The American Congress of Obstetricians and Gynecologists already supports a “warm handoff” of patients with pregnancy complications to either cardiology or primary care, depending on the complexity of the case, Bello explained. But what often happens is that over time, the patients get busy, don’t follow up, and eventually get lost in the system. What also can complicate matters is that a lot of patients who have an issue during pregnancy, like gestational hypertension, see resolution of their symptoms in the postpartum period and assume the problem also has disappeared.

Bello cited another common situation, in which a patient never understood how serious of a complication she experienced at the time. “They may have been told, but there's so much going on at the time of delivery that it can sometimes get lost in the immediate concerns of ‘How am I doing?’, ‘How is my baby?’, pain, and wound care,” she said.

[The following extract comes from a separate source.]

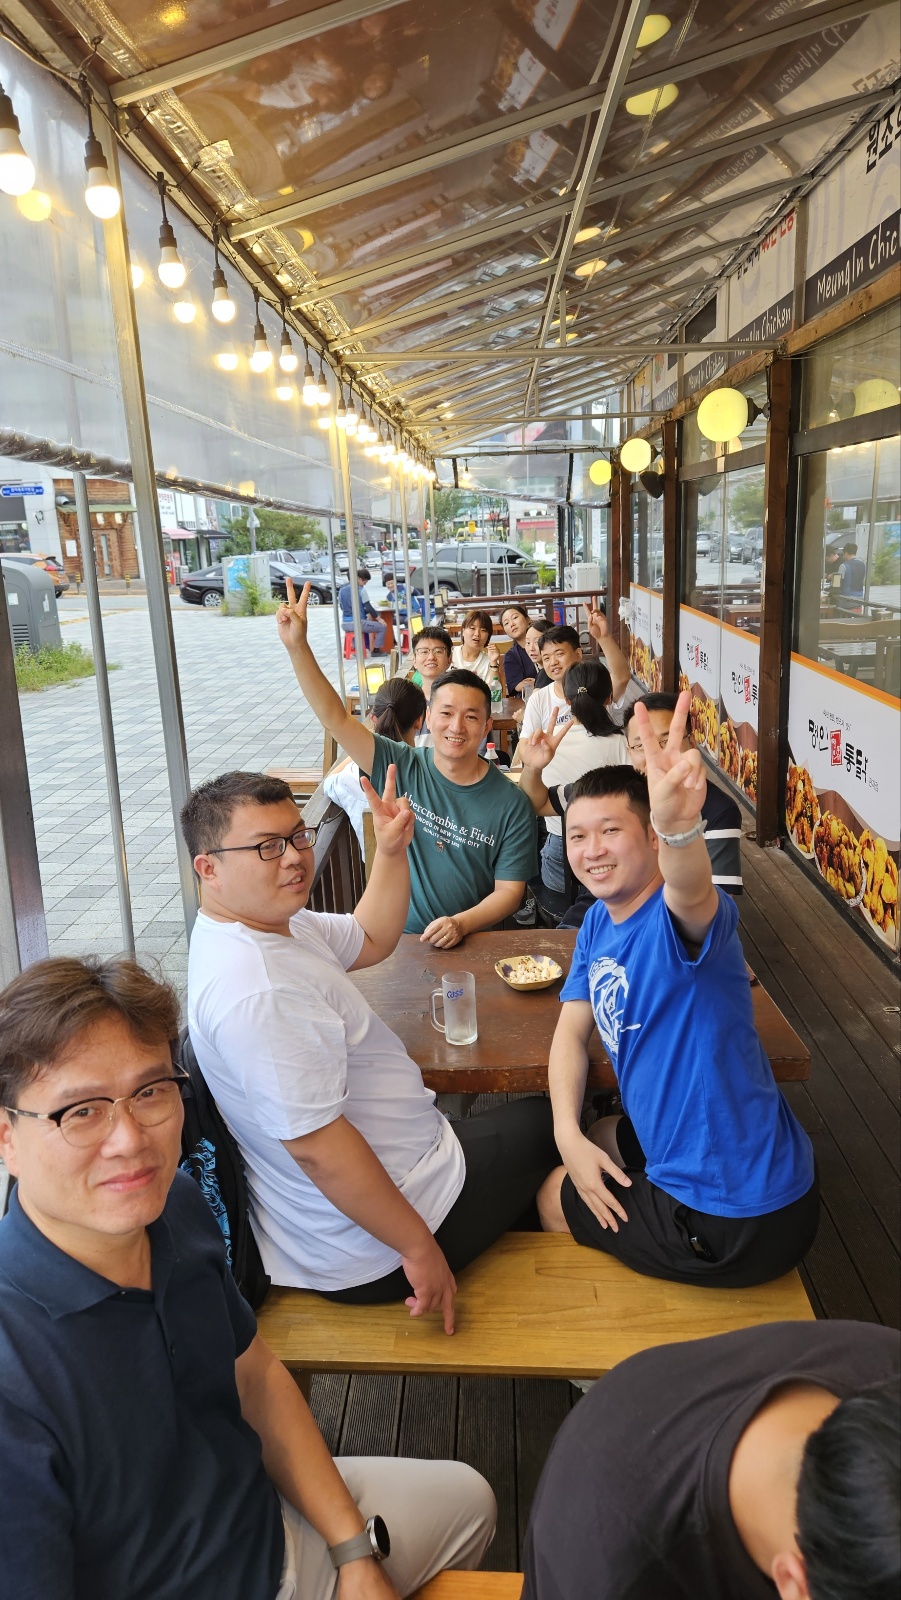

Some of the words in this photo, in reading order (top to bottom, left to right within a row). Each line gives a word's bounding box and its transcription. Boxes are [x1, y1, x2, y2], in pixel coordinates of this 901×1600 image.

“It's not just the cooperation between physicians, nurse practitioners, the care team, but also we need to educate patients when they leave the hospital or in their postpartum visit that this is something that requires long-term follow-up and we can modify your risk,” Bello stressed.

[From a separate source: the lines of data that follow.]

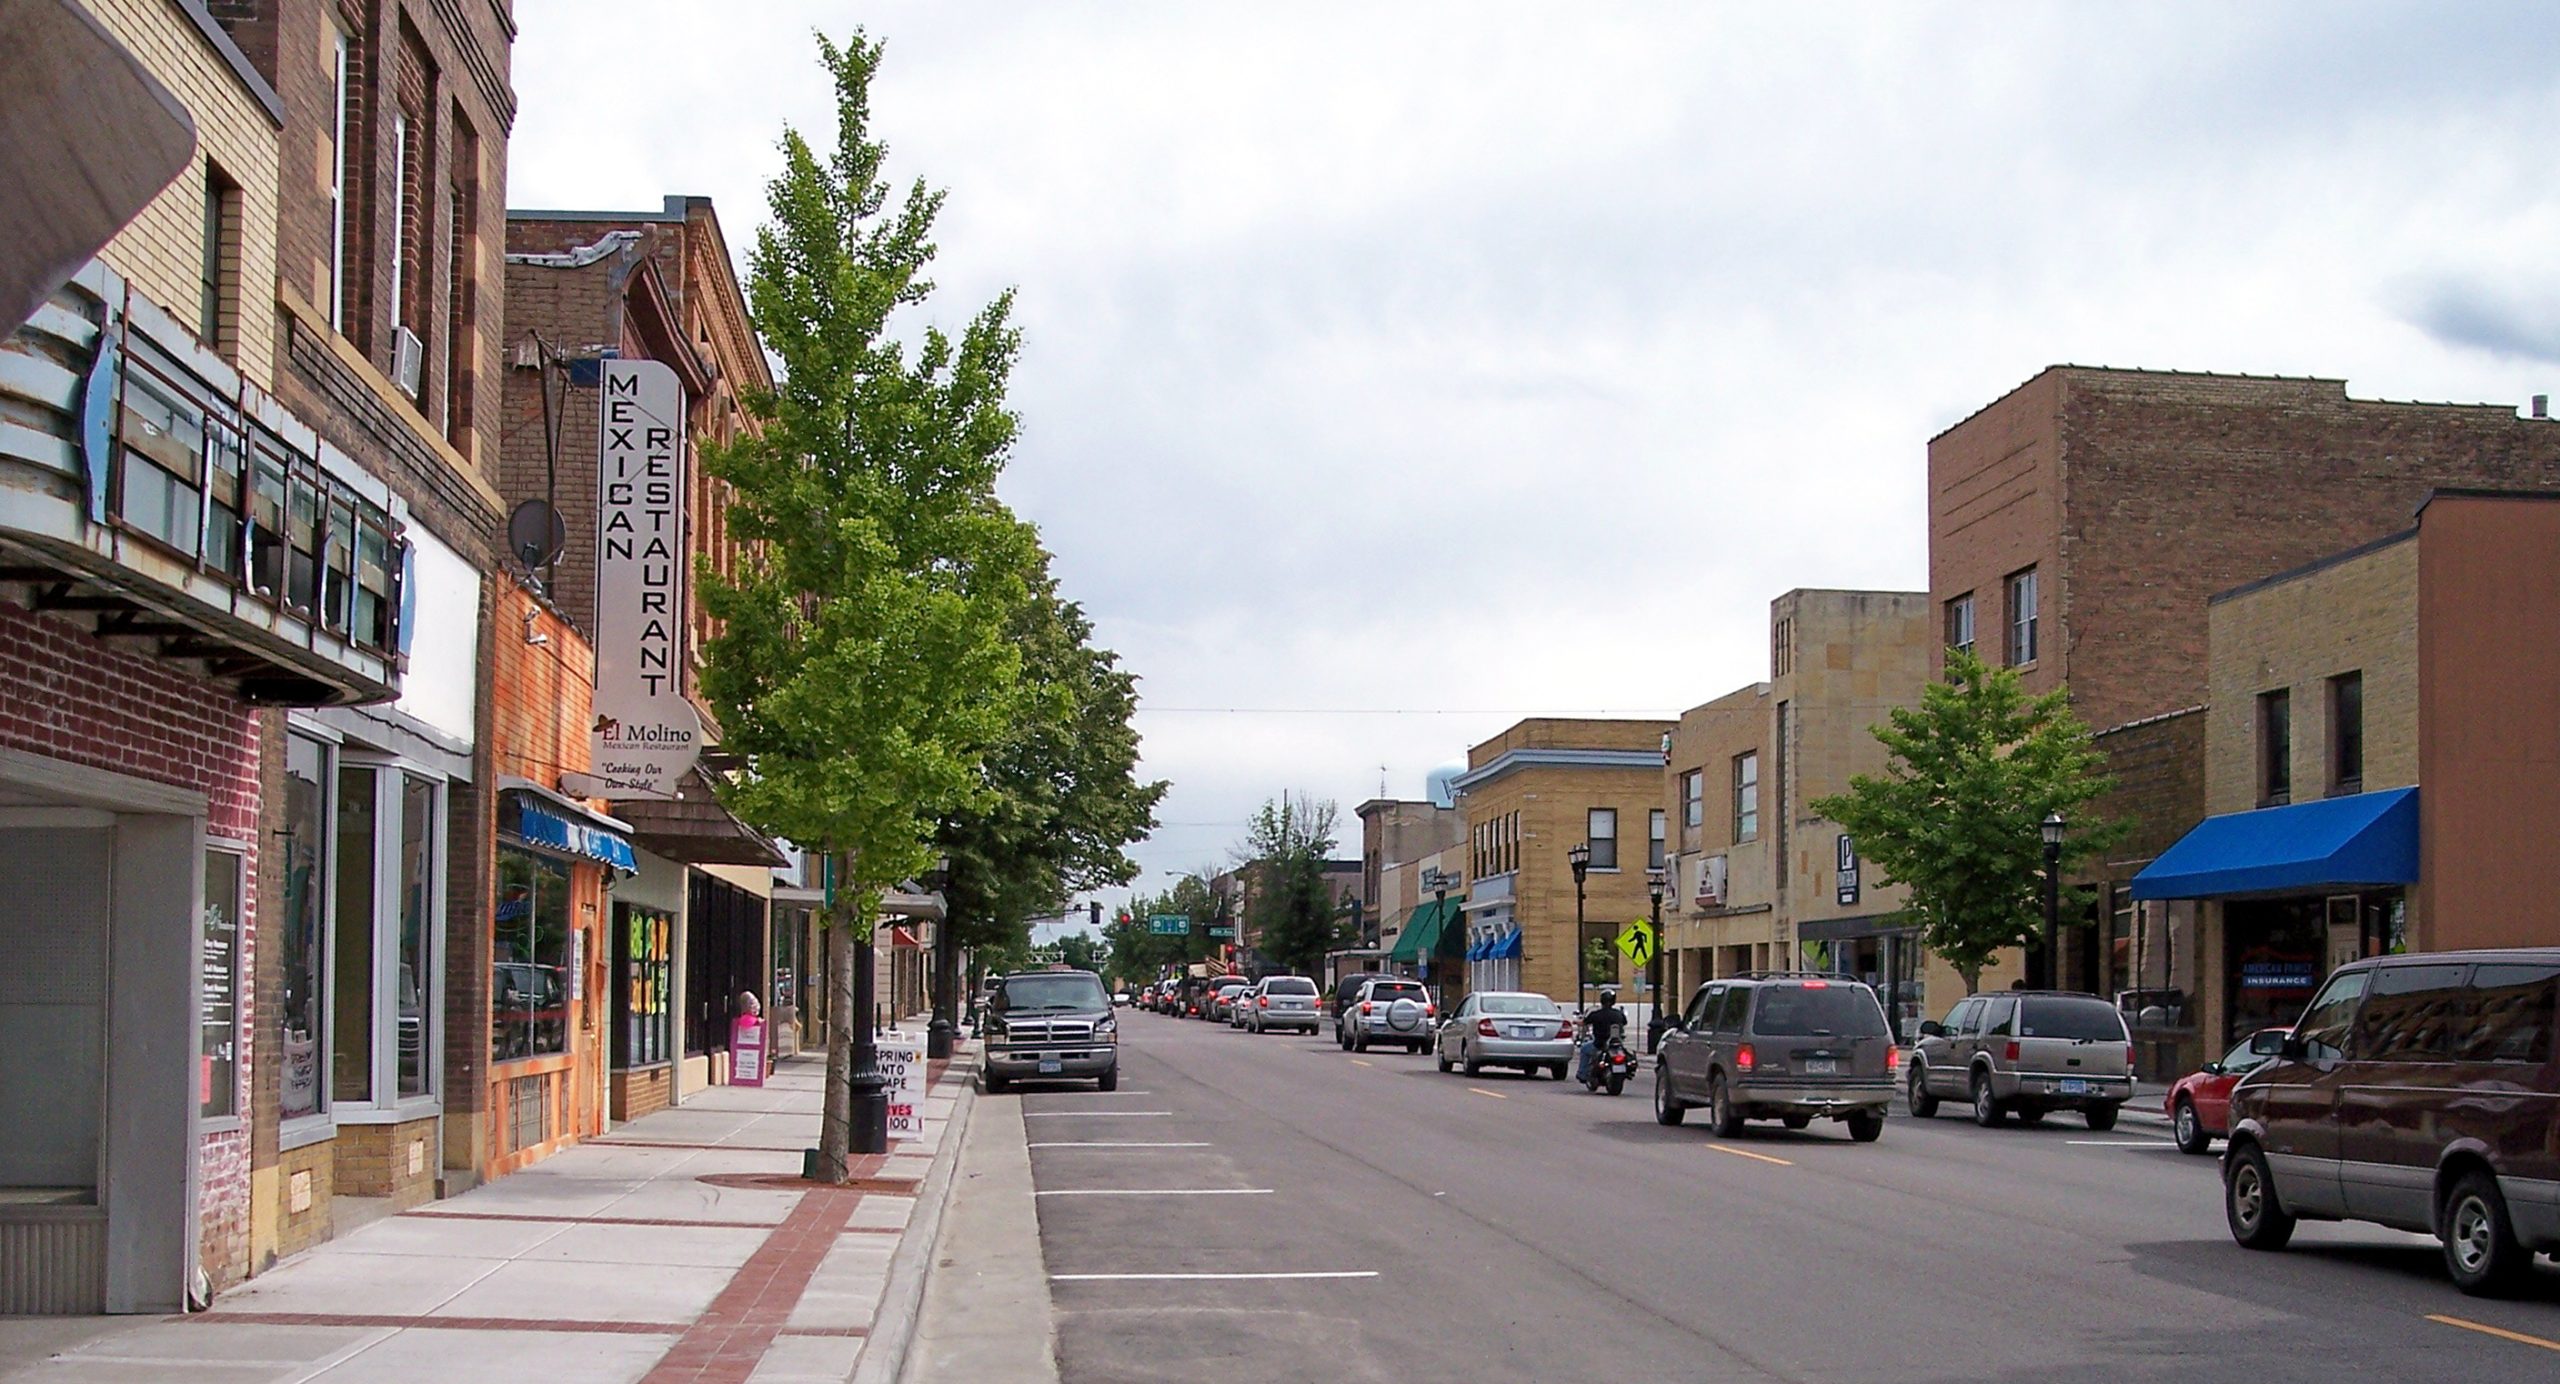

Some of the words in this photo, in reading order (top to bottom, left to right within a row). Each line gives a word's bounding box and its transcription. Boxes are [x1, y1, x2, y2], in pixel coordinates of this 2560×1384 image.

[605, 373, 638, 561] MEXICAN
[640, 427, 671, 697] RESTAURANT
[602, 722, 620, 741] El
[627, 723, 692, 742] Molino
[603, 741, 640, 751] Mexican
[642, 741, 689, 751] Restaurant
[645, 763, 662, 775] Our
[2247, 977, 2307, 985] INSURANCE

That gets even more complicated when you factor in the racial differences seen in this study, however. “It's upsetting that we're not making any impact on the disparities [and] that they're persisting over time. . . . When we look at the Black maternal mortality crisis at this country, it has obviously a long legacy and it's not going to get fixed overnight, but we really need to start working to reduce it. It's not enough to just say, ‘Oh look, here we've found that Black women are having worse outcomes.’ We need to figure out why that is and fix them.”

Going forward, she would like to see more studies look at risk-factor modification after adverse pregnancy outcomes, especially with regard to more aggressive lipid-lowering and what role antiplatelet agents or vascular-modifying medications might play for some. “We just don't have the data,” Bello said.

Zhang, too, said more research is needed in “other race/ethnicity groups such as Asian and Hispanic where limited data are available.”

  • This research was supported, in part, by the Division of Population Health Research, Division of Intramural Research, Eunice Kennedy Shriver National Institute of Child Health and Human Development, National Institutes of Health, Bethesda, MD.
  • Bello reports no relevant conflicts of interest.